Monday 17 June 2013

Ehhh..

It's been a while since I blogged. I've been so busy with Kira, and any free time I have I like to spend sitting on facebook doing well... nothing. I honestly can't think what I do on there but I somehow manage to spend hours on it. Mmmmm

So quick update. I do aim to write in this at least once a day, but we'll see. At the moment, I'm pretty sure I am my only reader, haha. But in time, I'd like this to be a place where family and friends can be kept up to date with how Kira is doing. I'm pretty awful at staying in touch with people and letting them know where I'm at. I used to love being surrounded by people all the time - I felt I needed it. Now I find myself isolating and not really wanted to talk much to people, never mind be around them. I've kind of lost my trust in people lately and cut a lot of people out of my life. Which I still feel needed to be done. But I'm now having difficulty letting anyone in. I really need to work on that. But for now, this is a place where I can share Kira's progress with the people I love.
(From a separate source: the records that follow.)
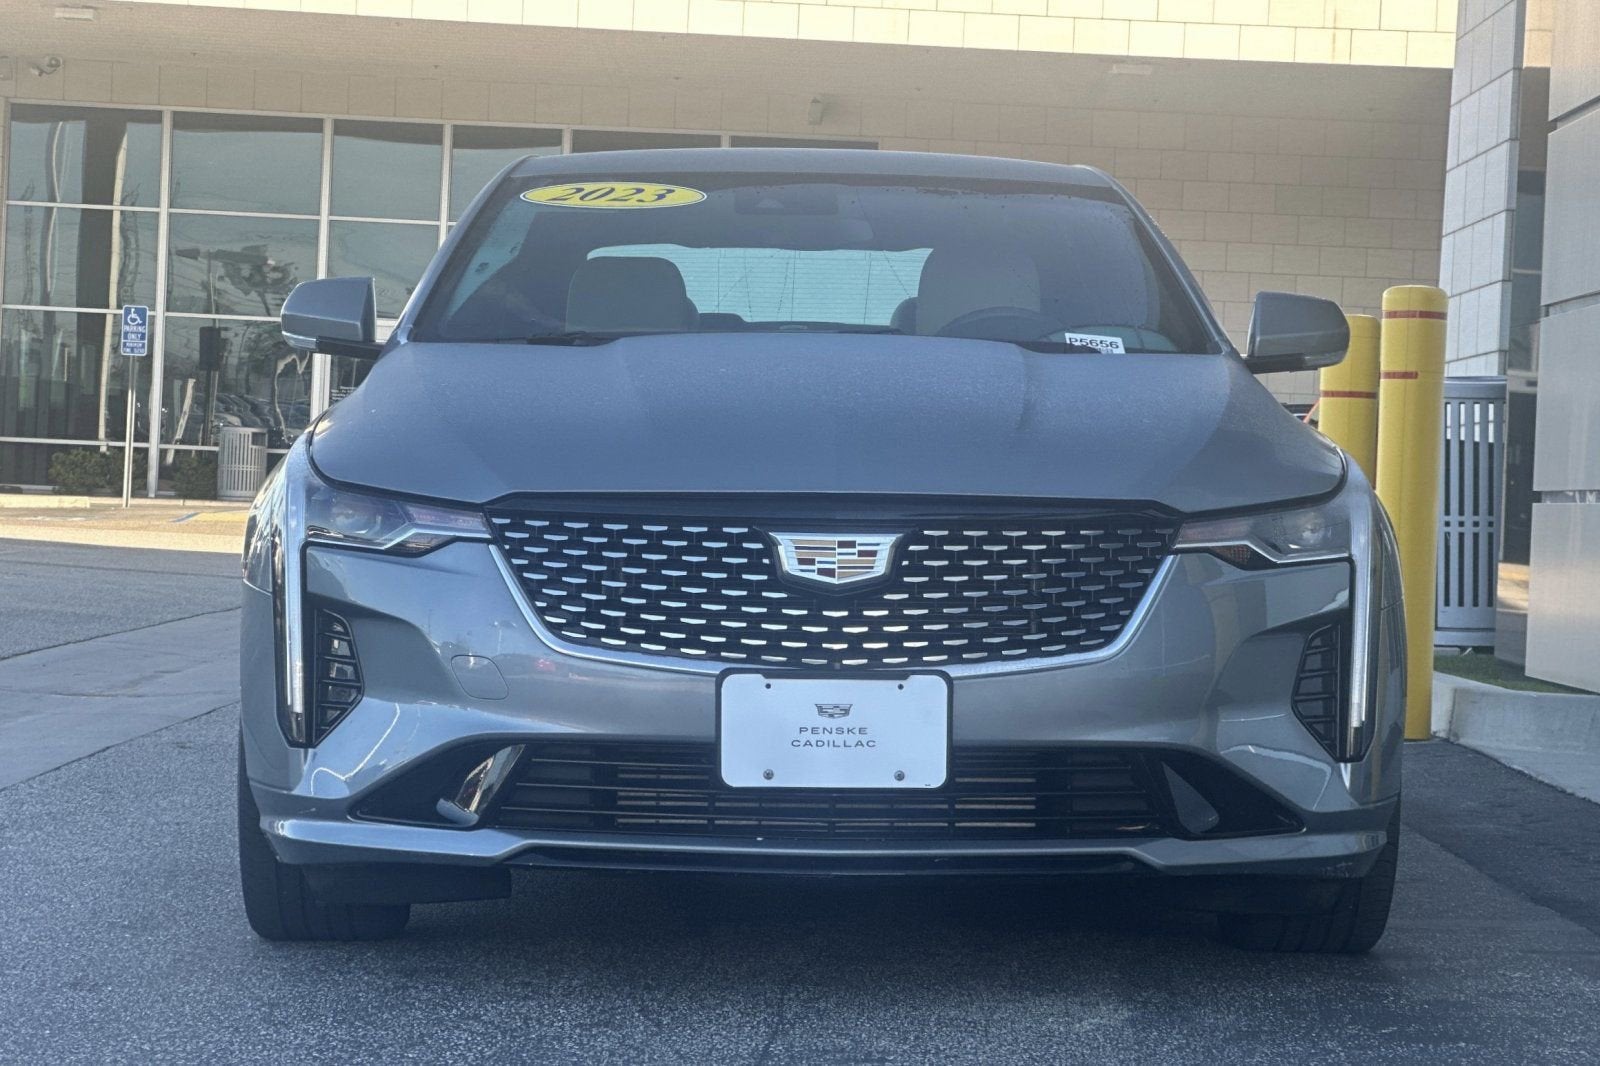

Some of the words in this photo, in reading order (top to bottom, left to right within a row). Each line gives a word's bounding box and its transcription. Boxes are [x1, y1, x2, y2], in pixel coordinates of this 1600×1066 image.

[545, 187, 675, 203] 2023
[123, 325, 146, 333] PARKING
[1068, 337, 1120, 350] P5656
[799, 727, 868, 735] PENSKE
[791, 740, 876, 748] CADILLAC
Kira has been back in hospital - another waste of a week. Her medication got stopped for her heart and not a whole lot else was done. She was supposed to be kept in for "observation" - yet no one was doin much observing. Infact I'm pretty sure she caught a bug in there since she's still having diahhrea a week later.

I can't get anyone to listen. They sent her home with a NG tube, which she hates. And they're talking about putting a more permanent one in her stomach, yet they're not looking into what's causing the problem.

I'm getting more and more frustrated and I feel completely helpless. I can't force them to do anything they don't want to do.

On the bright side though, the doctor she was first under who diagnosed her with her CHD, is now looking after her again so hopefully he will find out what's wrong.